Work to be completed —
When you retype the entries, keep each one exact and leave out the pictures.

[Items from a dataset]
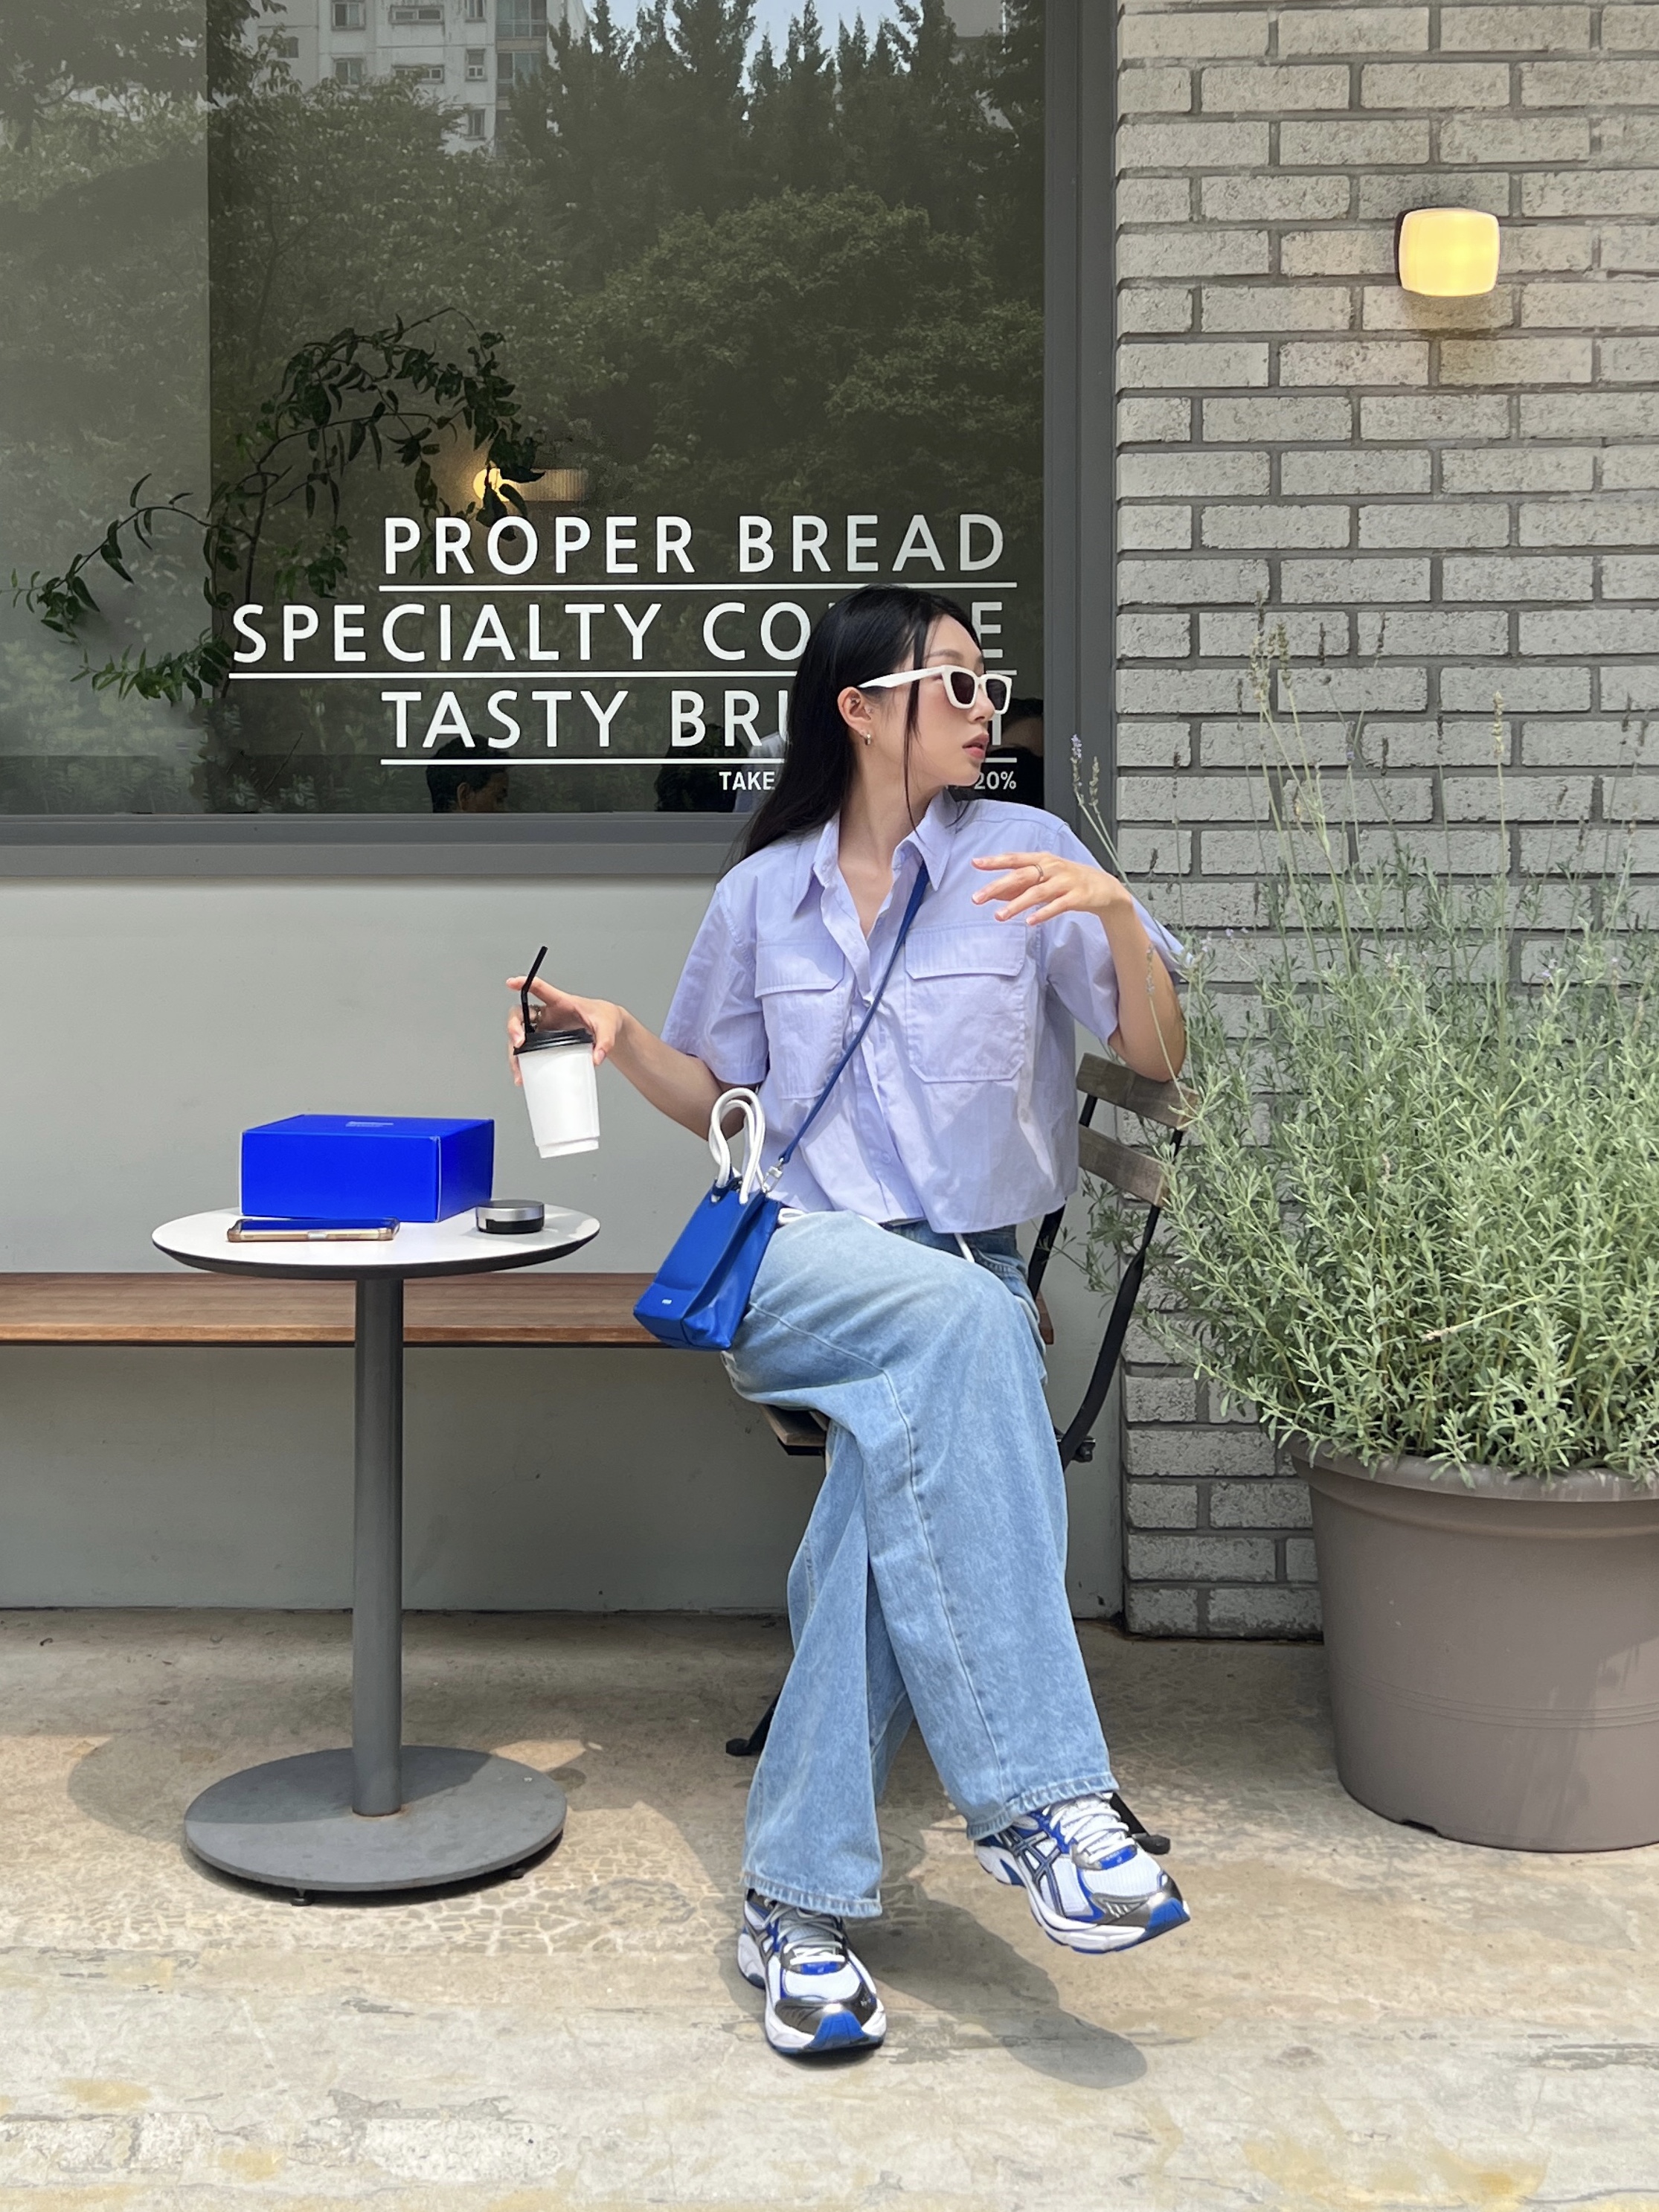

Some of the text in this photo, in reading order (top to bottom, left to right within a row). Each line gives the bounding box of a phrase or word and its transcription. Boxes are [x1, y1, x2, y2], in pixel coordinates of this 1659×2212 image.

[385, 514, 1003, 575] PROPER BREAD
[233, 601, 1003, 663] SPECIALTY COE
[381, 690, 629, 748] TASTY
[719, 771, 1016, 790] TAKE 20%

Output below —
Some of the text in this photo, in reading order (top to bottom, left to right within a row). Each line gives the bounding box of a phrase or word and its transcription. Boxes are [x1, y1, x2, y2], in pixel coordinates of this 1659×2212 image.

[385, 514, 1003, 575] PROPER BREAD
[233, 601, 1003, 663] SPECIALTY COE
[381, 690, 629, 748] TASTY
[719, 771, 1016, 790] TAKE 20%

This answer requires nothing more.